The Saimaa area has been the Finns’ favourite location for summer cottages for a long time, but lately international tourists have began to seek out the calm and comparatively cool summer spot, too. In 2024, Saimaa Lakeland was awarded the title of European Region of Gastronomy, which is predicted to spice up visitor numbers further. 


“Most foreign visitors come from Switzerland,” says Pirjo Kapanen, who operates the bike ferry along with her husband. “But really, there are cyclists from throughout Europe coming here during summer.” 

On my previous trip across the ring road, I spotted my first Saimaa ringed seal on this ferry. This time, there aren’t any seals or their pups on the rocks. But, Kapanen, who was born by the shores of Lake Saimaa, points out a smooth rock poking out of the lake because the ferry passes it. Locals call it ‘Härkähylkeenpää’ – the top of a male seal – since it could possibly be mistaken for a large one.

In truth, the endangered seals – named for the small circle patterns that dapple their fur – are an enormous a part of Saimaa’s identity. Once near extinction, the seal population has grown for the reason that Nineties attributable to vigorous conservation campaigns. Today, there are some 400 ringed seals swimming in Saimaa’s lakes. 
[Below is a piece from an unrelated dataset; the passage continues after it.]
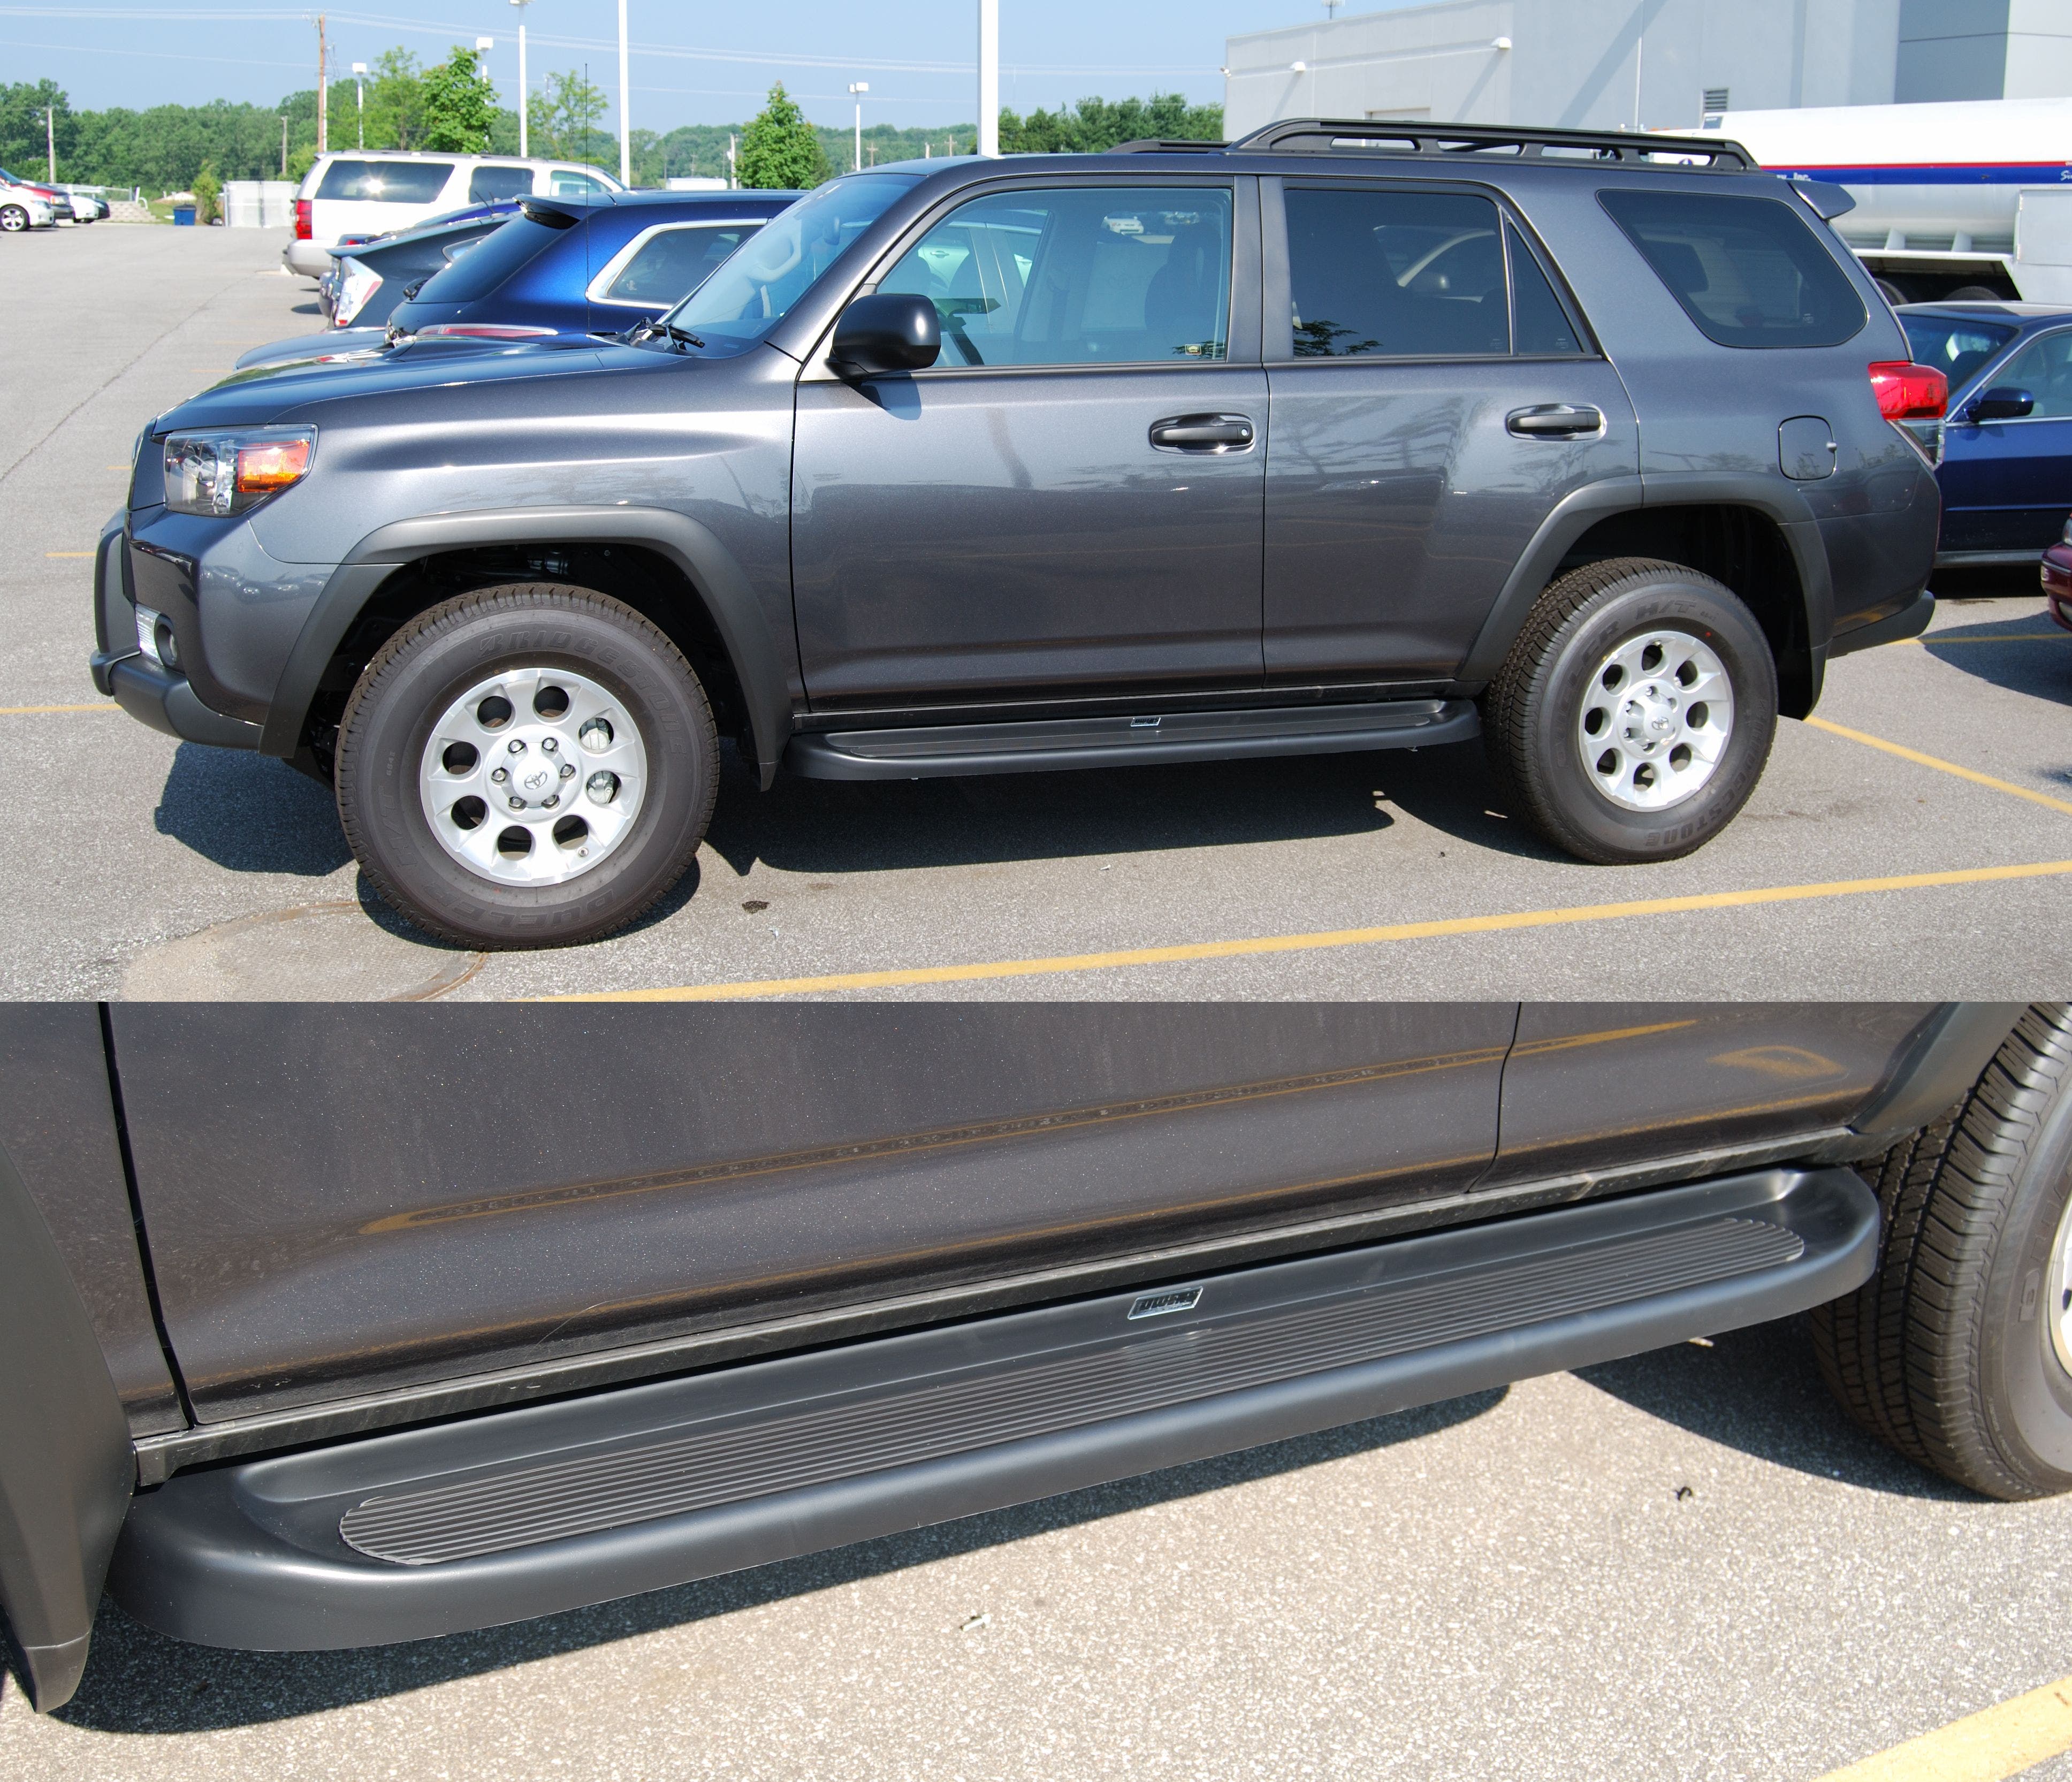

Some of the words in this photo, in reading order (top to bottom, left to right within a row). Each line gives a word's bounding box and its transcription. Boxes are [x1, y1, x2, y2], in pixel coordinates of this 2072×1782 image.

My cycling trip ended with Midsummer memories

After the ferry docks on the tiny Hurissalo harbour, it is a 15-kilometre ride, first on gravel after which on asphalt, to the route’s final highlight: Lietvesi Scenic Road, which winds from one little islet to a different. 

Just after this comes the newly opened Pistohiekka Resort. With a lakeside sauna and restaurant, the property’s sandy beach was once a preferred spot for legendary Midsummer parties.


“But that was within the 70s, before punk music ruined all of it,” my father reminisces as we finally have on a regular basis on this planet to enjoy a cup of coffee in a scenic lay-by. The identical spot where we used to stop on our family road trips around Saimaa with a van.